● Data shown:
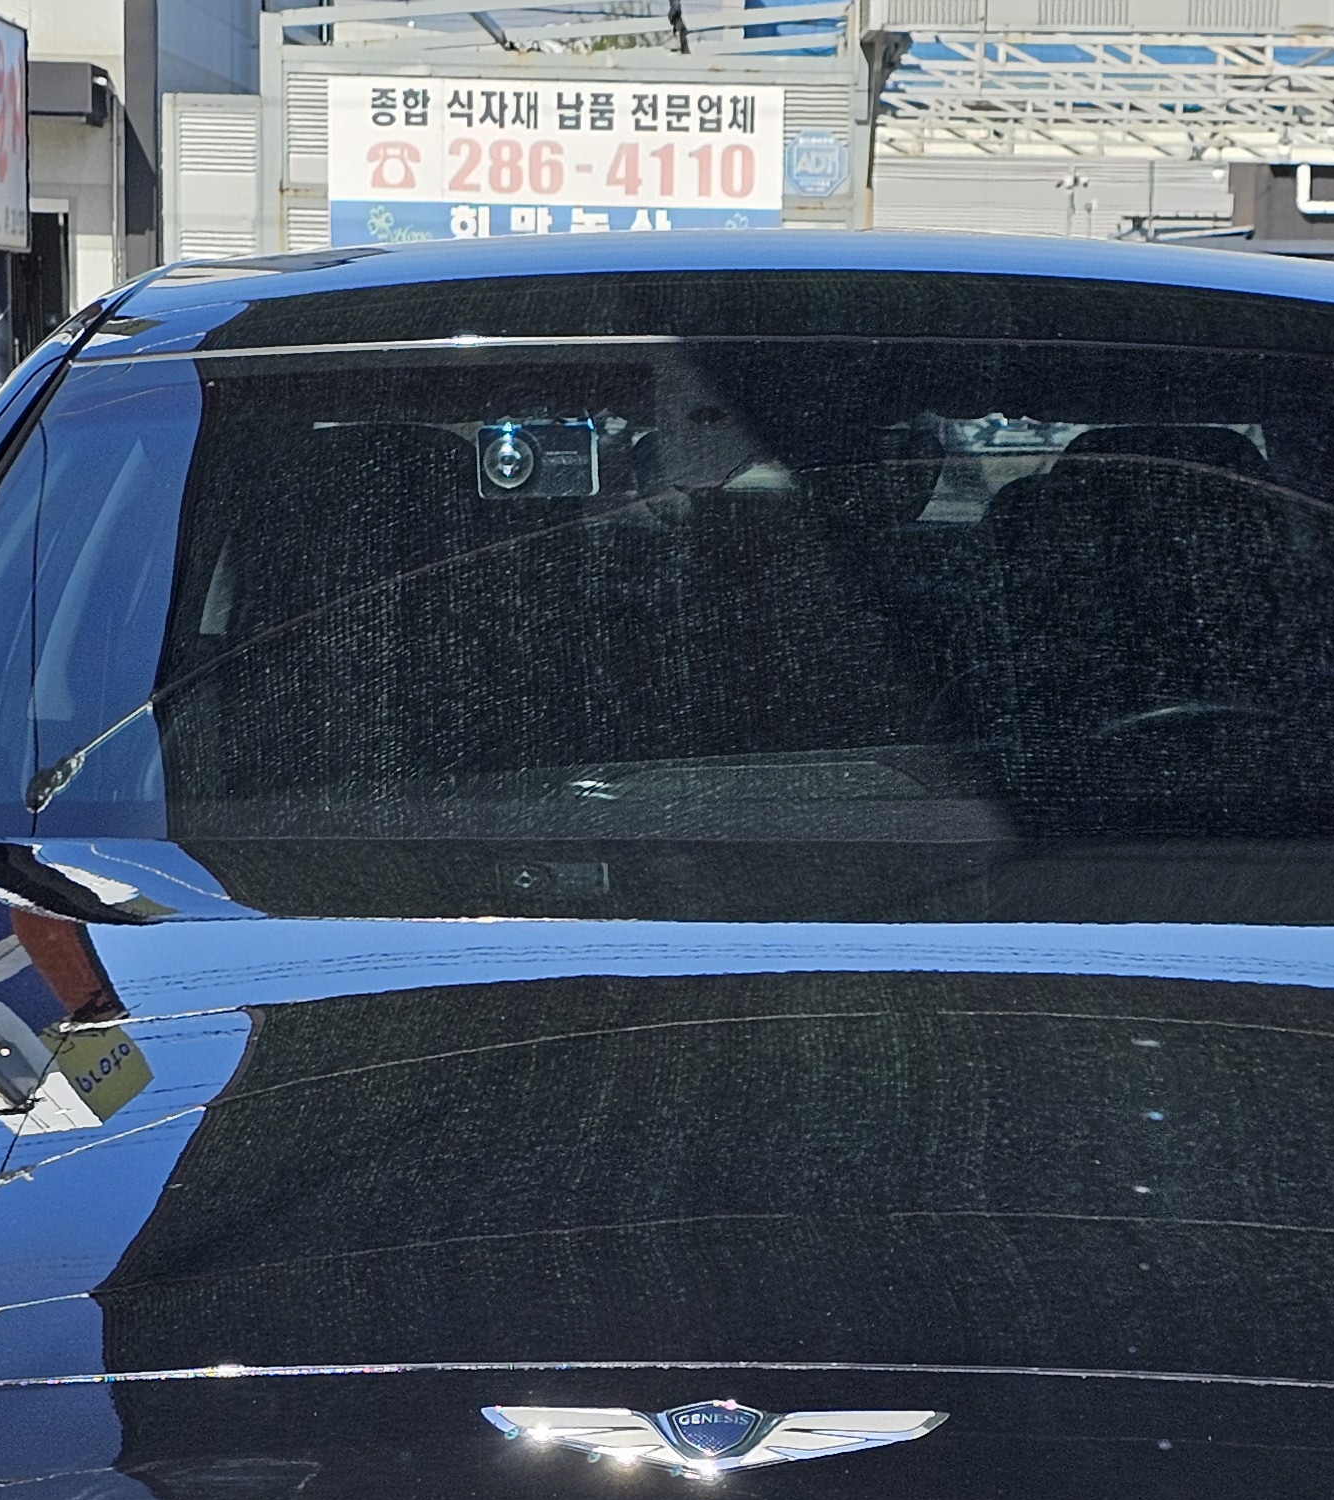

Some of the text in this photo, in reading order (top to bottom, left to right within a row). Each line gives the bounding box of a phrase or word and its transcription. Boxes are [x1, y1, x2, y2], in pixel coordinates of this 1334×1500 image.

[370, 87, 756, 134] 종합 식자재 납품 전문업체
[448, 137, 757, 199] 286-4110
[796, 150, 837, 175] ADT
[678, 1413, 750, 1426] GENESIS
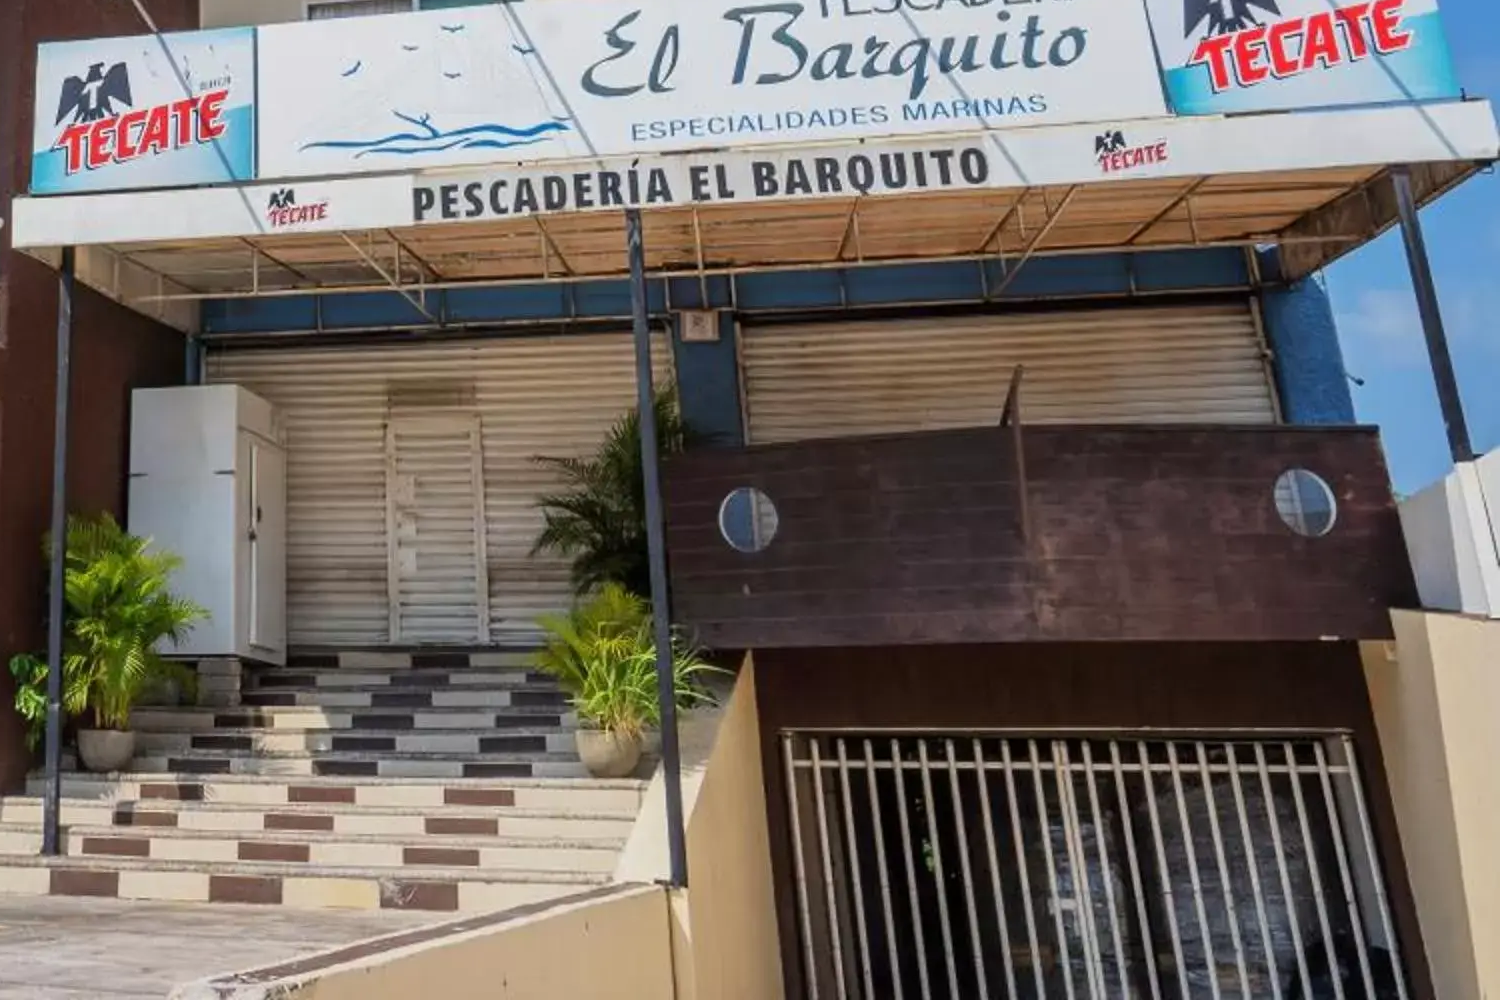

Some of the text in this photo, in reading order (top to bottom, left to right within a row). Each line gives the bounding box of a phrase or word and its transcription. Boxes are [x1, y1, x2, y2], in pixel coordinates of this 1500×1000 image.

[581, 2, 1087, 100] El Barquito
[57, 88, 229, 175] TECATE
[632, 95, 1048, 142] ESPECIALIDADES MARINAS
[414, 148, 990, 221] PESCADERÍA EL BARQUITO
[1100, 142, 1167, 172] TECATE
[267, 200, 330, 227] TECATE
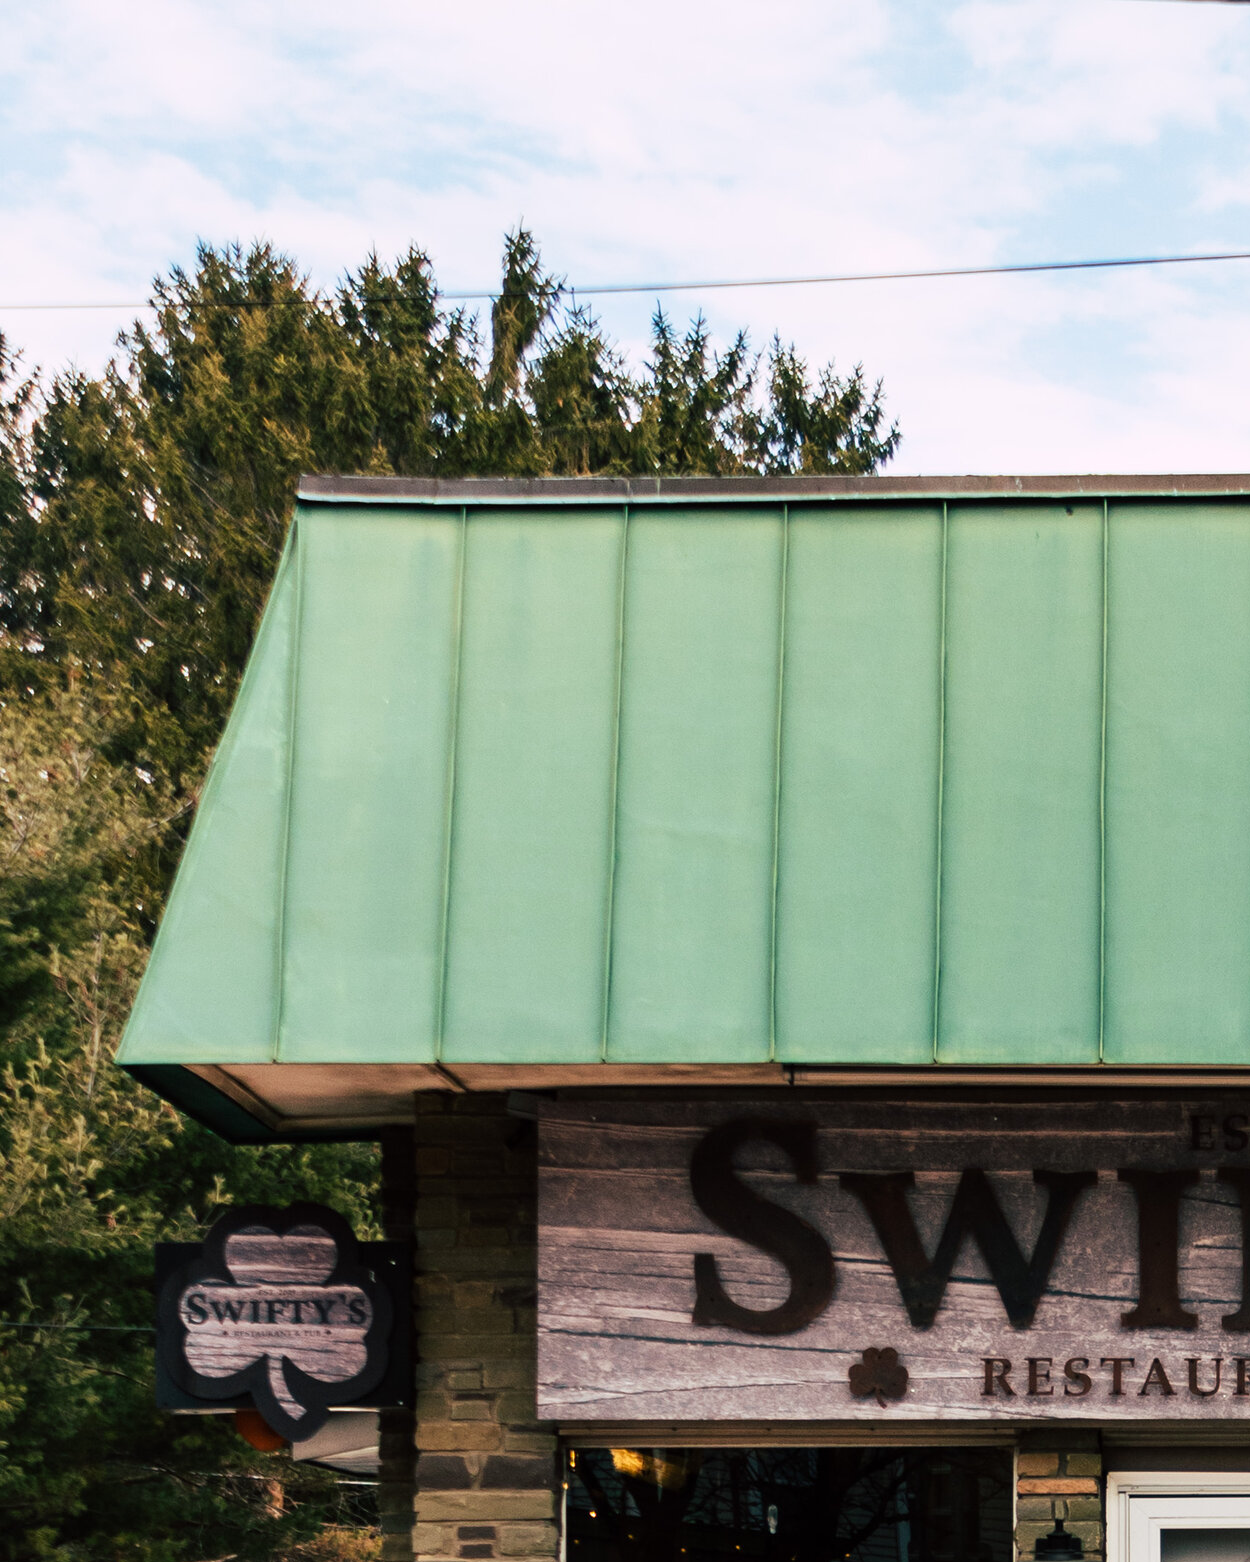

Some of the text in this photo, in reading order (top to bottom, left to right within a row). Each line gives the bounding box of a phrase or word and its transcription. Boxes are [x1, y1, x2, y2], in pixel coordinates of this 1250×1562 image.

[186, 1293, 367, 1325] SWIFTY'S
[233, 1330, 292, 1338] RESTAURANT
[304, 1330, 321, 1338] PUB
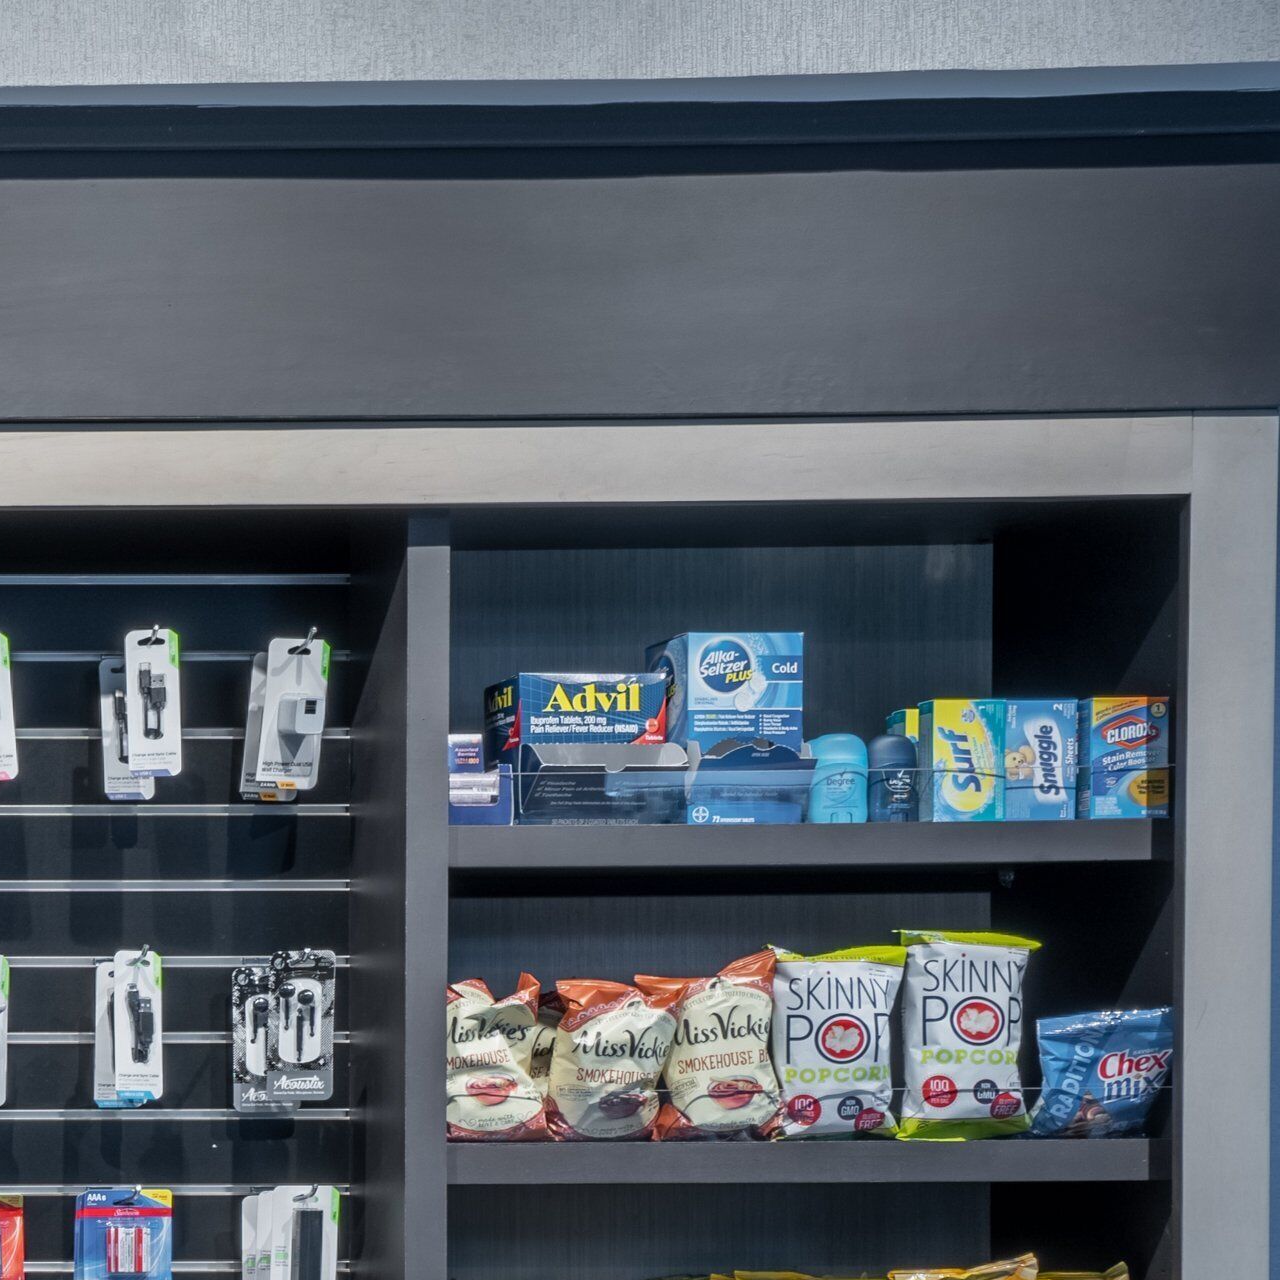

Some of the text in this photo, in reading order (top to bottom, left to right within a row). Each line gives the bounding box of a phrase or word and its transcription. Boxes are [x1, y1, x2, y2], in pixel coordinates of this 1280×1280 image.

● Problem details:
No picture belongs in the answer; the rest of the records must be repeated exactly.

● Result of this task:
Some of the text in this photo, in reading order (top to bottom, left to right within a row). Each line gives the bounding box of a phrase or word and its transcription. Boxes are [x1, y1, x2, y2], in pixel coordinates of this 1334×1500 image.

[370, 87, 756, 134] 종합 식자재 납품 전문업체
[448, 137, 757, 199] 286-4110
[796, 150, 837, 175] ADT
[678, 1413, 750, 1426] GENESIS

Some of the text in this photo, in reading order (top to bottom, left to right within a row). Each line gives the bounding box of a phrase or word and its transcription. Boxes are [x1, y1, x2, y2], in pixel coordinates of this 1500×1000 image.

[581, 2, 1087, 100] El Barquito
[57, 88, 229, 175] TECATE
[632, 95, 1048, 142] ESPECIALIDADES MARINAS
[414, 148, 990, 221] PESCADERÍA EL BARQUITO
[1100, 142, 1167, 172] TECATE
[267, 200, 330, 227] TECATE

Some of the text in this photo, in reading order (top to bottom, left to right within a row). Each line gives the bounding box of a phrase or word and its transcription. Boxes are [x1, y1, x2, y2], in pixel coordinates of this 1250×1562 image.

[186, 1293, 367, 1325] SWIFTY'S
[233, 1330, 292, 1338] RESTAURANT
[304, 1330, 321, 1338] PUB

Some of the text in this photo, in reading order (top to bottom, left to right within a row). Each line gives the bounding box of a phrase or word and its transcription. Boxes are [x1, y1, x2, y2], in pixel coordinates of this 1280×1280 image.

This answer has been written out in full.